**The problem:** Set every entry below down once more, exactly as it stands, without images.

**Information provided:**
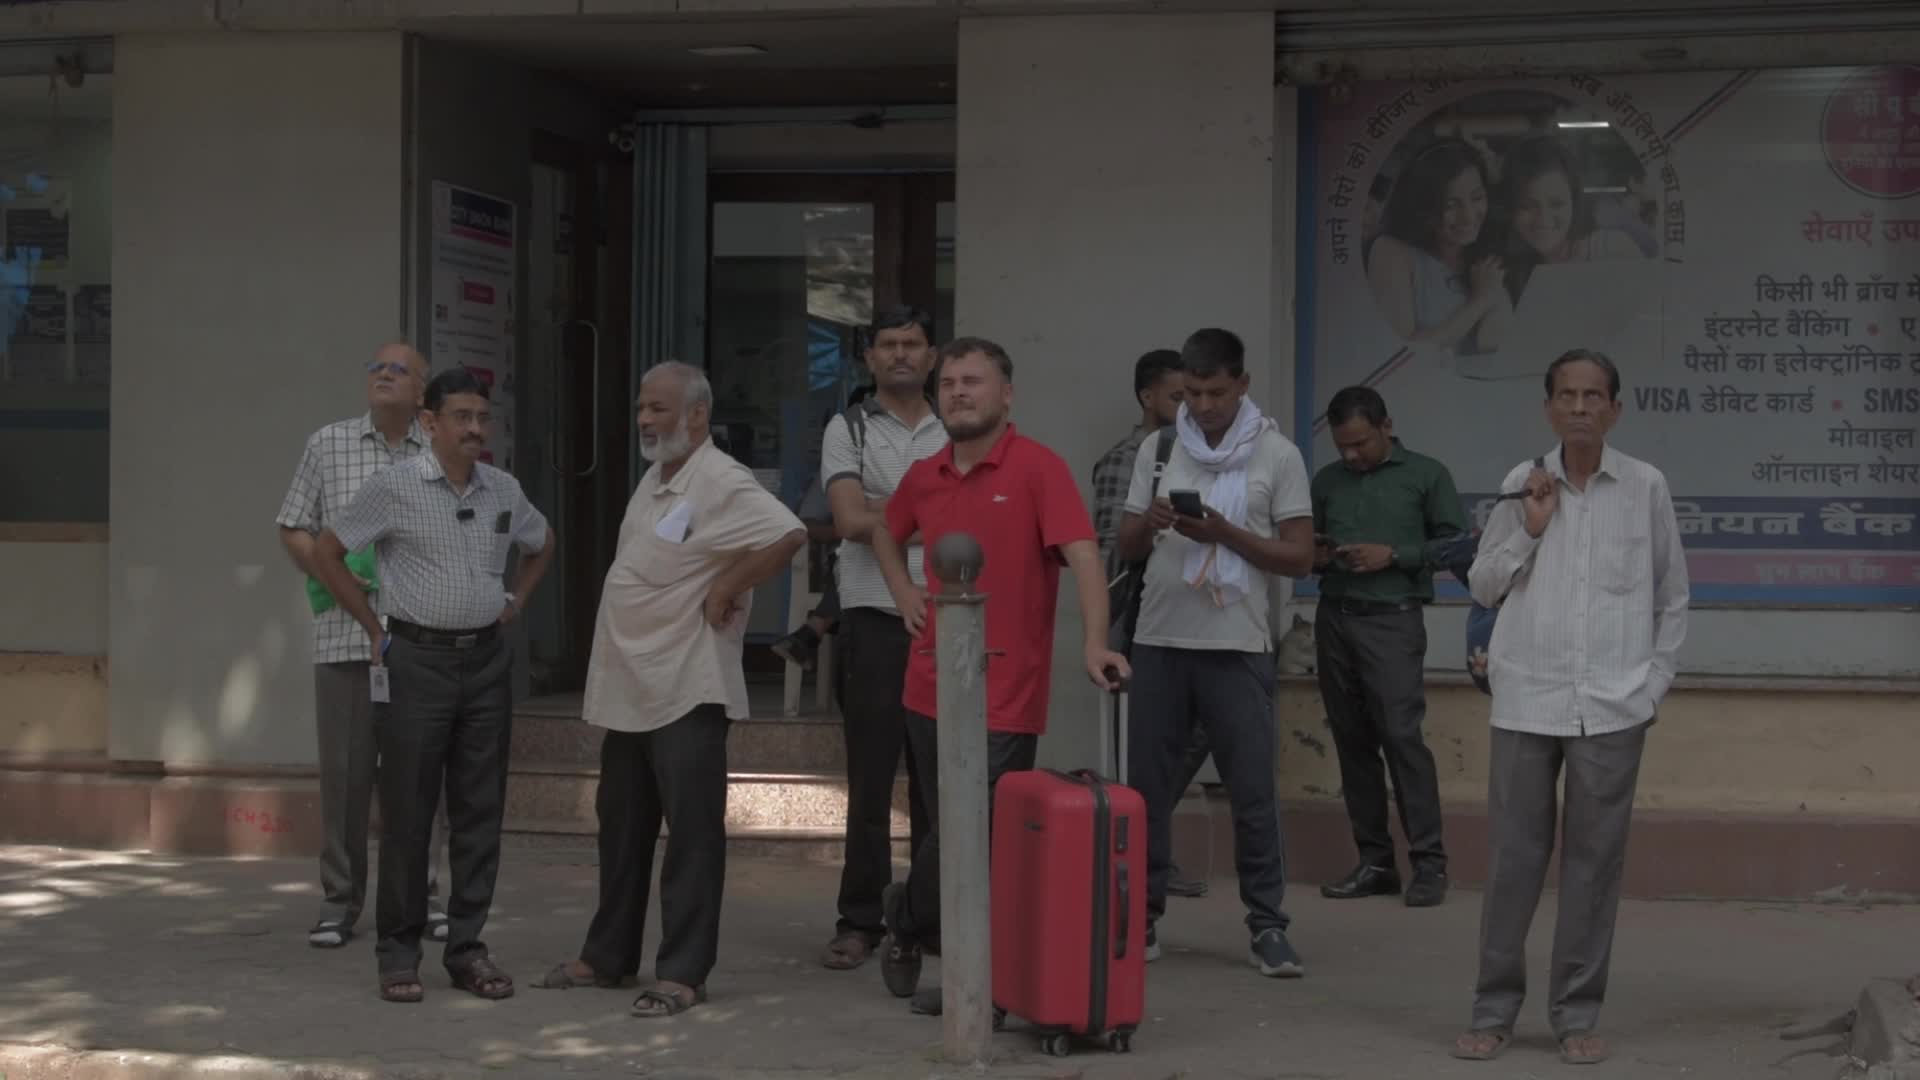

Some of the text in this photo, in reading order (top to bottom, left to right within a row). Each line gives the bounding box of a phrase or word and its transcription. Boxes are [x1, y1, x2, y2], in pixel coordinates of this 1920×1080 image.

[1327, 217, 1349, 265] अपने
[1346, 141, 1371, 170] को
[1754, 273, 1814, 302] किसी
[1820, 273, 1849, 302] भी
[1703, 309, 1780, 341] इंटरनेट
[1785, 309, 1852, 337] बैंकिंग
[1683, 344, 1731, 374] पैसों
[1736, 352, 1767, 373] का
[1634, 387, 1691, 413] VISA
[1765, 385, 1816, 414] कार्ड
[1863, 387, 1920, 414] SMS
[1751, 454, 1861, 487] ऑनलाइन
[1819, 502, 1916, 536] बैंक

**Answer box:**
Some of the text in this photo, in reading order (top to bottom, left to right within a row). Each line gives the bounding box of a phrase or word and its transcription. Boxes are [x1, y1, x2, y2], in pixel coordinates of this 1920×1080 image.

[1327, 217, 1349, 265] अपने
[1346, 141, 1371, 170] को
[1754, 273, 1814, 302] किसी
[1820, 273, 1849, 302] भी
[1703, 309, 1780, 341] इंटरनेट
[1785, 309, 1852, 337] बैंकिंग
[1683, 344, 1731, 374] पैसों
[1736, 352, 1767, 373] का
[1634, 387, 1691, 413] VISA
[1765, 385, 1816, 414] कार्ड
[1863, 387, 1920, 414] SMS
[1751, 454, 1861, 487] ऑनलाइन
[1819, 502, 1916, 536] बैंक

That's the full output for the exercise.